During the development of the Department’s trade mitigation plan, NCGA provided USDA and the White House Office of Management and Budget (OMB) with analysis of losses to corn farmers resulting from trade disputes with China and the European Union. This information was based on a study, conducted by Integrated Financial Analytics and Research (IFAR), that found an average decline in the price of corn of $0.44/bu as a result of trade tariffs, amounting to a $6.3 billion loss to corn farmers.
NCGA requested that USDA’s trade mitigation efforts compensate commodities proportionate to their lost revenue and that farmers suffering production losses due to natural disasters be able to use an alternative method of calculating their payments.
At the same time, NCGA called on the Trump Administration to take immediate actions to strengthen market demand for farmers. These included, resolving ongoing trade disputes, securing existing and new trade agreements, and providing parity for ethanol blends above 10 percent.
NCGA is pleased that the Trump Administration has made progress on several of these priorities, including reaching a trade agreement with Mexico and Canada, moving forward with trade negotiations with Japan, and directing EPA to provide RVP parity. We appreciate the strong role you have played in working with the President to deliver on these priorities.
These are critical developments, but the economic benefits will take some time to materialize, and corn farmers are struggling now. I continue to hear from farmers who are disappointed in USDA’s approach to calculating the first round of MFP payments because it was too narrow in scope and did not capture the real-time impacts of trade disruptions on our markets.
Given that there is still significant uncertainty in the farm economy and that corn prices are still being impacted by ongoing disputes with China and the EU, NCGA is asking USDA for the following modifications in its calculation of the second tranche of MFP payments:
Add ethanol and distillers dried grains with solubles (DDGS) to the calculation of damages for corn. U.S. corn farmers have seen value-added corn products grow as an important share of our global exports (see attached graphic). In 2017, according to FAS data, the United States exported $185 million worth of ethanol and $223 million worth of DDGS (for a combined value of $408 million in exports) to China and the European Union. Based on the Office of the Chief Economist’s MFP methodology, gross trade damages for ethanol and DDGS amounts to $254 million that was not accounted for in the first tranche of MFP payments.

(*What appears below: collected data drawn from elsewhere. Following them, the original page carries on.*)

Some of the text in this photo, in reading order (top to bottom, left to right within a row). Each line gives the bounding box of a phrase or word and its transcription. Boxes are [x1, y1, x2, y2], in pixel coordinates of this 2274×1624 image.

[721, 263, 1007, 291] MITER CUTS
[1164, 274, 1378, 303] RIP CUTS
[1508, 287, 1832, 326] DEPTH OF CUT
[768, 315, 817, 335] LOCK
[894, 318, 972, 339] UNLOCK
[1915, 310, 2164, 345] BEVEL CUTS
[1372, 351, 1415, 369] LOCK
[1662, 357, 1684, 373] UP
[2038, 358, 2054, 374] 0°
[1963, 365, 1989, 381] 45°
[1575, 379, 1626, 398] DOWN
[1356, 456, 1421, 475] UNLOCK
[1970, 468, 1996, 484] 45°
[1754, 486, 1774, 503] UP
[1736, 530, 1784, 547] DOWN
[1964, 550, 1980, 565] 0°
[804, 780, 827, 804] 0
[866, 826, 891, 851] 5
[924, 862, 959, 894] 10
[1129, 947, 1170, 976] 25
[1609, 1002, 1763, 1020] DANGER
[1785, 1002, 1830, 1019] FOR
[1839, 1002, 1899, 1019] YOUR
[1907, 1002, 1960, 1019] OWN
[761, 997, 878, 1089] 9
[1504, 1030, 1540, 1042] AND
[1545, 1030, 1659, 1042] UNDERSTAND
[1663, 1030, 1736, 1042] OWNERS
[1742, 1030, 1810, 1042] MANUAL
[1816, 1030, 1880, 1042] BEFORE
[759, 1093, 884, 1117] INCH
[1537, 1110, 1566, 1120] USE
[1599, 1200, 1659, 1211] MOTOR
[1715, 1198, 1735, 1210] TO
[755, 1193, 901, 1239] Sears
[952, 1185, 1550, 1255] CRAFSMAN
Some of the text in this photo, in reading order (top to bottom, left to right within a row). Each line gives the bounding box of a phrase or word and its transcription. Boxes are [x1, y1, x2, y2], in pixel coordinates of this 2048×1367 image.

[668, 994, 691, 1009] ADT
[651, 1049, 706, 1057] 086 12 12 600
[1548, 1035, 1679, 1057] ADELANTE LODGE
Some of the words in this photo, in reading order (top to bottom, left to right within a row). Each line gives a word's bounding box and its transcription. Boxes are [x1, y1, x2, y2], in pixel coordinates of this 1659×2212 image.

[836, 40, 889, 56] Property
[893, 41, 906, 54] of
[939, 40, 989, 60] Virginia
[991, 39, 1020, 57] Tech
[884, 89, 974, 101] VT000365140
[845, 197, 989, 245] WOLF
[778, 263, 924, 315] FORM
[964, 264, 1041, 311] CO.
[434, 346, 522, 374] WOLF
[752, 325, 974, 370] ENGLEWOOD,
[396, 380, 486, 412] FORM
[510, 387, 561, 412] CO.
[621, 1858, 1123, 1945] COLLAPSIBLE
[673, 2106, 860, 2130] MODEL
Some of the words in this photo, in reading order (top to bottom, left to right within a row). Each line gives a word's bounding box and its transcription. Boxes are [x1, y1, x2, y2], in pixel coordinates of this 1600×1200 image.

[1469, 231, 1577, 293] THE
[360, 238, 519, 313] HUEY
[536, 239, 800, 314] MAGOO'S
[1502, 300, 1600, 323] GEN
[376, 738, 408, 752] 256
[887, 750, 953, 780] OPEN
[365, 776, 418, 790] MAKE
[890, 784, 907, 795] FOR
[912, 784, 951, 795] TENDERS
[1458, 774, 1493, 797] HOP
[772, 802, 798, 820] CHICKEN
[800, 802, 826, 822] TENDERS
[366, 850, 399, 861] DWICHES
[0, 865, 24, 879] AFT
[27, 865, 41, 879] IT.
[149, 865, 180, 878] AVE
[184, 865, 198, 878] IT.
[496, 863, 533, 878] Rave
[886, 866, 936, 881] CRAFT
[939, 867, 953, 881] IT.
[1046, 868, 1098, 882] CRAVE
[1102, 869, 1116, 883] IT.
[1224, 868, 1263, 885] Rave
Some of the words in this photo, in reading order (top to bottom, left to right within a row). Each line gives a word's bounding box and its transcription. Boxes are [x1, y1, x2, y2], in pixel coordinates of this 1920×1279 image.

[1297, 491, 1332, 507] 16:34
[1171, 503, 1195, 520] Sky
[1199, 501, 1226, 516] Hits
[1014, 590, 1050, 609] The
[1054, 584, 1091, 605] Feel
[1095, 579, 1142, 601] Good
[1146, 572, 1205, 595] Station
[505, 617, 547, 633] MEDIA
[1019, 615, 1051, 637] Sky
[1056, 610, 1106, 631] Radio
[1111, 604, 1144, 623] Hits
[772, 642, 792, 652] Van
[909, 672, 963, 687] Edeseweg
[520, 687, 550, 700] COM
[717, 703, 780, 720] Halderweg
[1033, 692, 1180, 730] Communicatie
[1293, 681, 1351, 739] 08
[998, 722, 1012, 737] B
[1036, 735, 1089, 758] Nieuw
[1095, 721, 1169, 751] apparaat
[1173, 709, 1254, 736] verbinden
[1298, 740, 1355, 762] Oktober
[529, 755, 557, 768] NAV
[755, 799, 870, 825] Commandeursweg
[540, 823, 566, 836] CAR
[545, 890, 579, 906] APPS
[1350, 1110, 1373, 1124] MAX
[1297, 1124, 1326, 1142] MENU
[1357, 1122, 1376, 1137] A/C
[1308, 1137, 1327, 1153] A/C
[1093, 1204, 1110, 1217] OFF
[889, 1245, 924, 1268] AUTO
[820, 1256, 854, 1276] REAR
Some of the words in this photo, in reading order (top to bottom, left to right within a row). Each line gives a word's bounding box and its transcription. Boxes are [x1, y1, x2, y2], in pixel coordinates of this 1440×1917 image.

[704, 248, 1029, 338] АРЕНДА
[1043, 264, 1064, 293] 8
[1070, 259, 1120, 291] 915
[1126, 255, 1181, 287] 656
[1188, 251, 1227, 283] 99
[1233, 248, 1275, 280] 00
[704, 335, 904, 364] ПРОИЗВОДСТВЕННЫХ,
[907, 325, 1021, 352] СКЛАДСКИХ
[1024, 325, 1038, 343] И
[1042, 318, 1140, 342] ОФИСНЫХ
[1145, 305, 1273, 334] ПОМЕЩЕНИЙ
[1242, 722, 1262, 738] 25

Allow farmers who suffer production losses from disasters to use an alternative to 2018 production for their MFP calculations. This programmatic modification would ensure that farmers in Kansas, Missouri and Texas, who are suffering from drought, and farmers in the Southeast, who are suffering losses from Hurricane Michael, would not be penalized twice. It is also important that farmers be allowed to use RMA production records in MFP.
Thank you, Mr. Secretary, and your staff, for continuing this dialogue with NCGA. I know that we share the goal of ensuring that MFP provides farmers with much-needed relief in a way that is equitable and effective. I believe that the modifications I have outlined in this letter will get us closer to that goal and urge you to give this request serious consideration.